DIRECTIONS FOR THIS TASK
Leaving out the images, return the data below exactly as it is written.

THE DATA
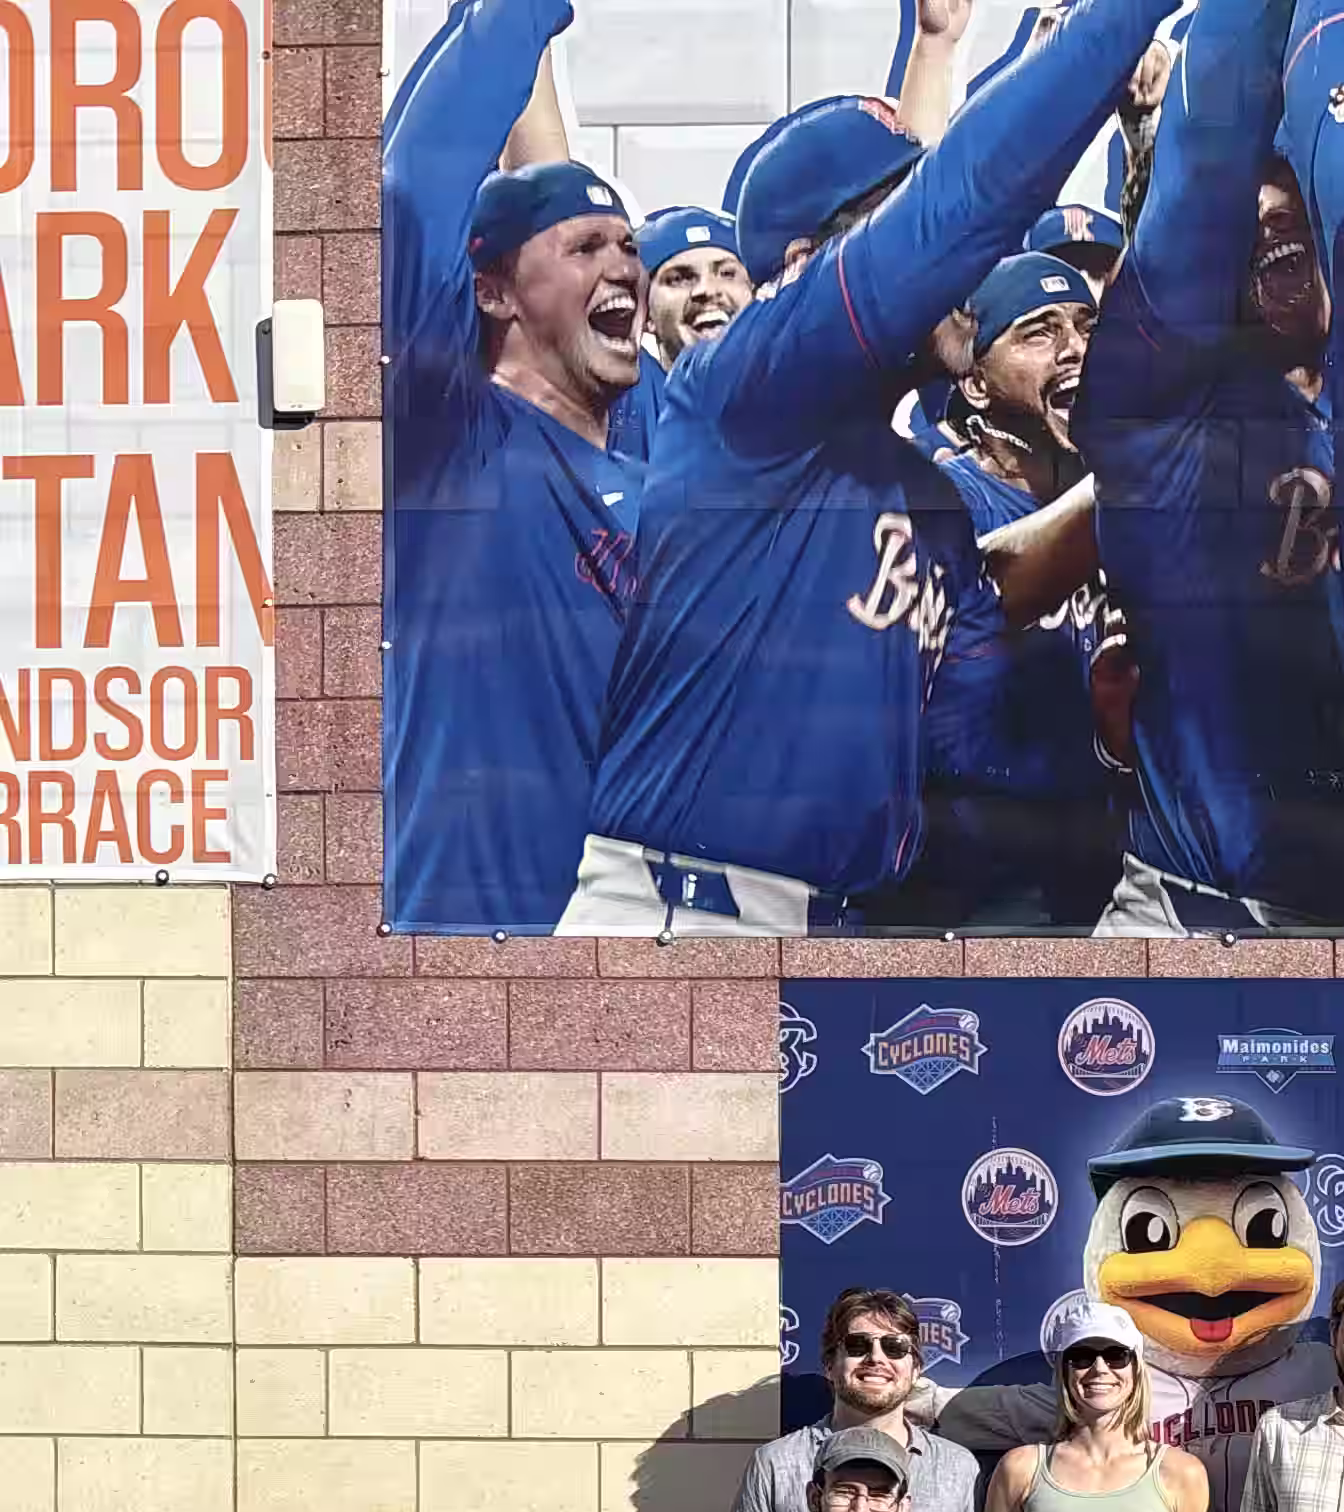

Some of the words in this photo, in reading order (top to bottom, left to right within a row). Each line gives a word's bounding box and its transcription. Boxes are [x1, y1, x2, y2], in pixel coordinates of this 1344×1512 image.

[878, 1033, 971, 1067] CYCLONES
[1076, 1034, 1137, 1066] Mets
[1223, 1039, 1330, 1054] Maimonides
[782, 1182, 875, 1216] CYCLONES
[980, 1184, 1040, 1216] Mets
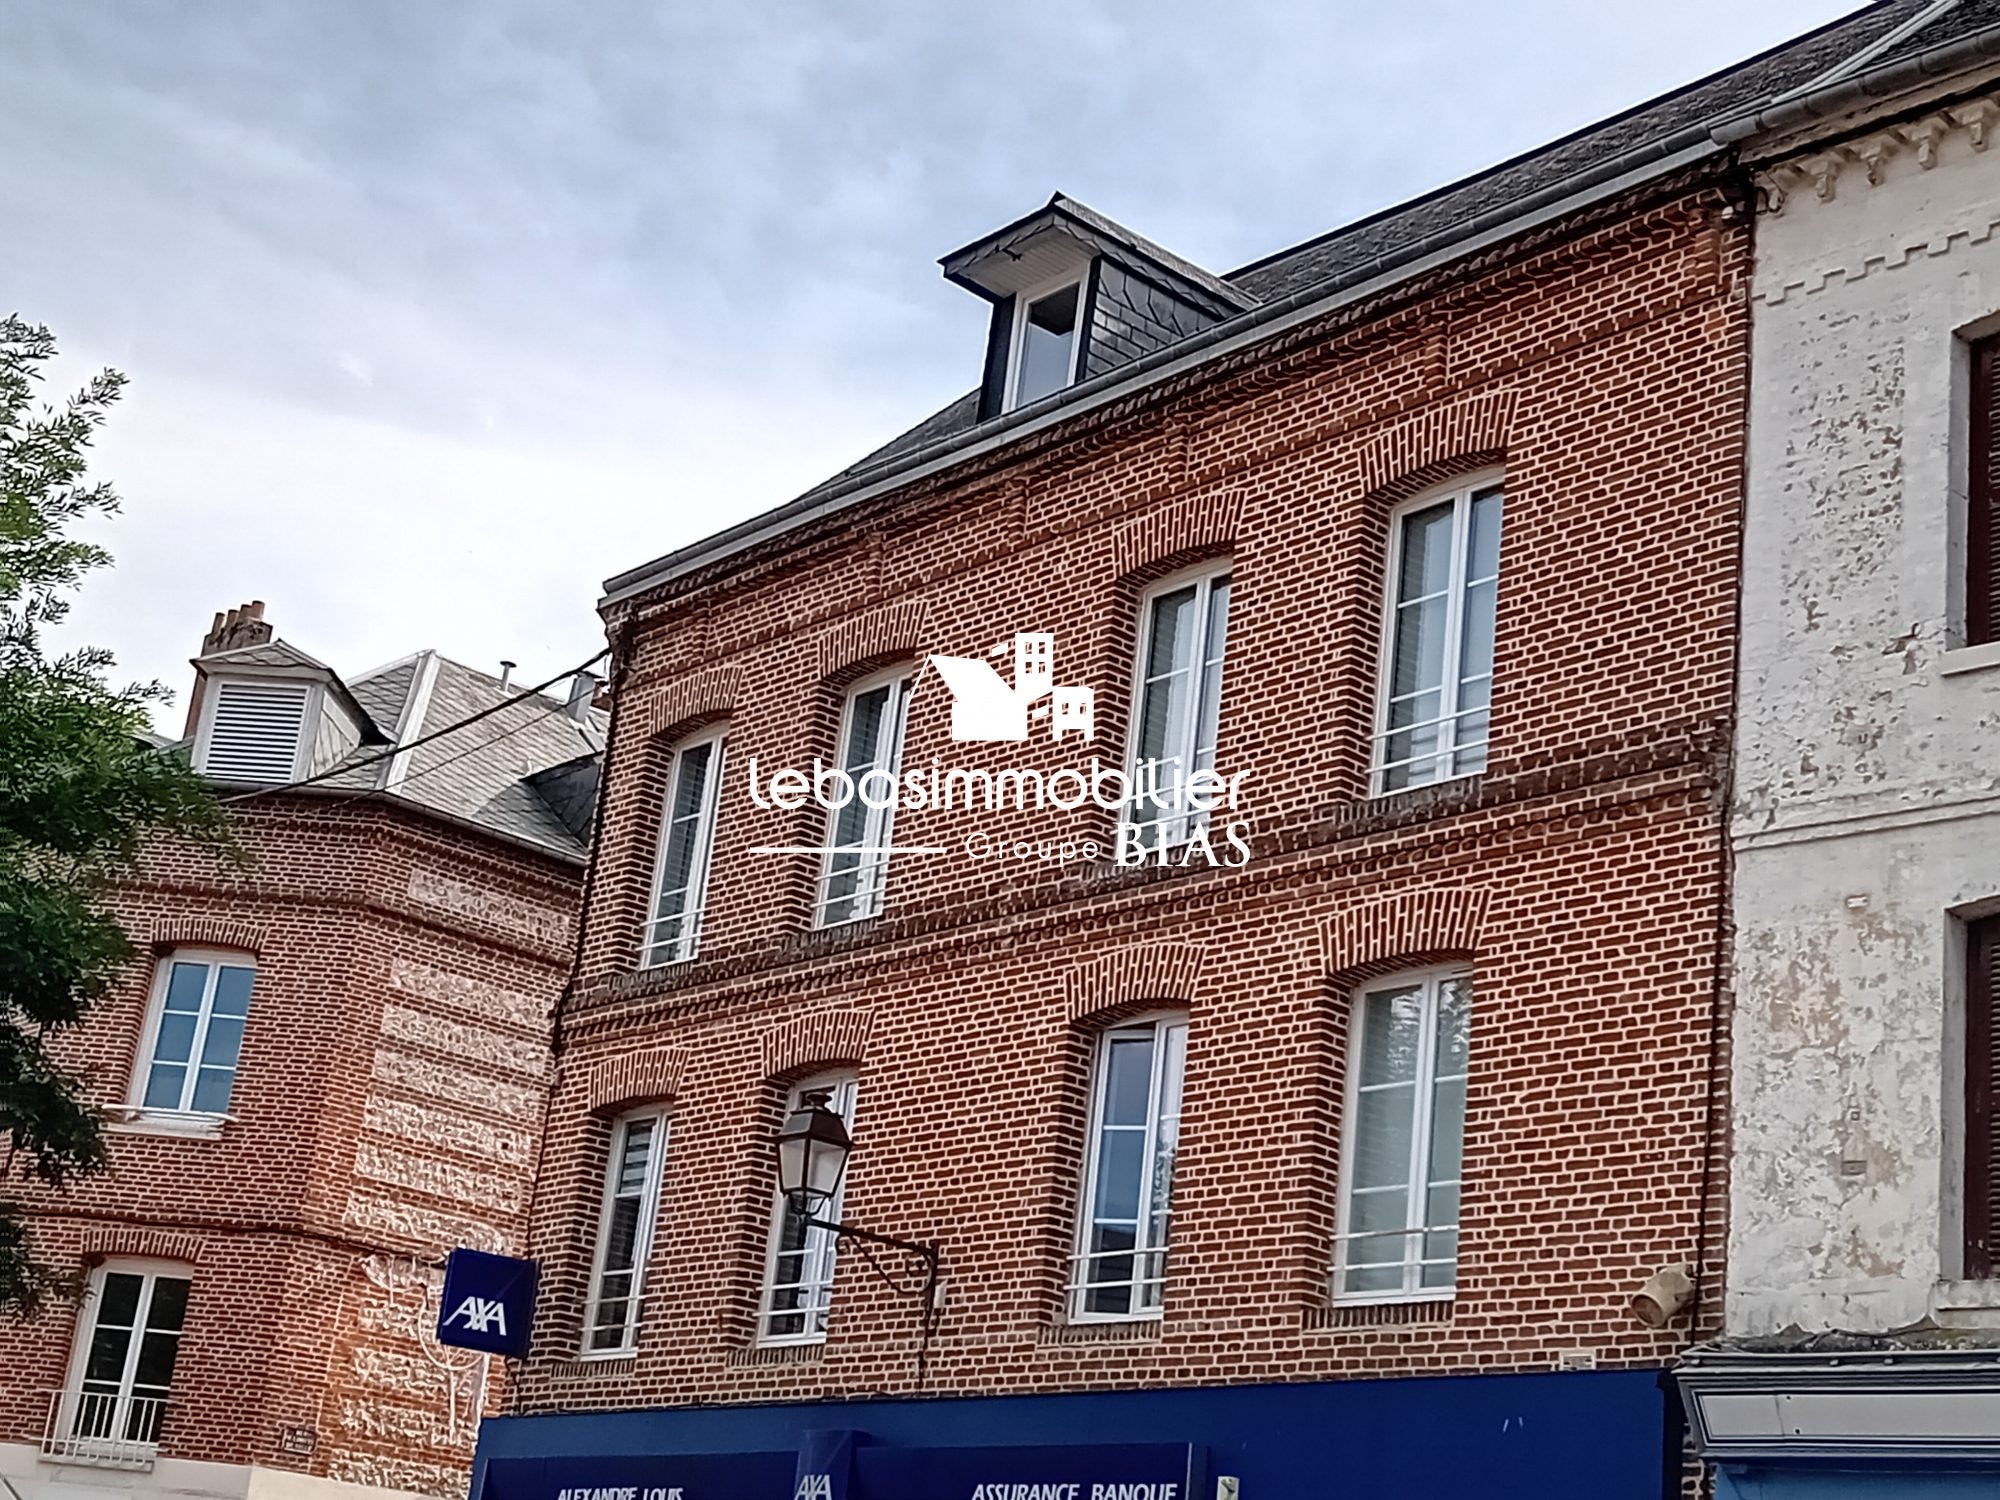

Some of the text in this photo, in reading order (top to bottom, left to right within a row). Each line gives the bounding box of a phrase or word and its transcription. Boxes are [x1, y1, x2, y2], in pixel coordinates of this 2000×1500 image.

[442, 1295, 507, 1336] AXA
[557, 1487, 683, 1500] ALEXANDRE LOUIS
[794, 1474, 833, 1500] AXA
[971, 1483, 1178, 1500] ASSURANCE BANQUE

FINISHED TASK
Some of the words in this photo, in reading order (top to bottom, left to right within a row). Each line gives a word's bounding box and its transcription. Boxes are [x1, y1, x2, y2], in pixel coordinates of this 1344×1512 image.

[878, 1033, 971, 1067] CYCLONES
[1076, 1034, 1137, 1066] Mets
[1223, 1039, 1330, 1054] Maimonides
[782, 1182, 875, 1216] CYCLONES
[980, 1184, 1040, 1216] Mets

Some of the text in this photo, in reading order (top to bottom, left to right within a row). Each line gives the bounding box of a phrase or word and its transcription. Boxes are [x1, y1, x2, y2], in pixel coordinates of this 2000×1500 image.

[442, 1295, 507, 1336] AXA
[557, 1487, 683, 1500] ALEXANDRE LOUIS
[794, 1474, 833, 1500] AXA
[971, 1483, 1178, 1500] ASSURANCE BANQUE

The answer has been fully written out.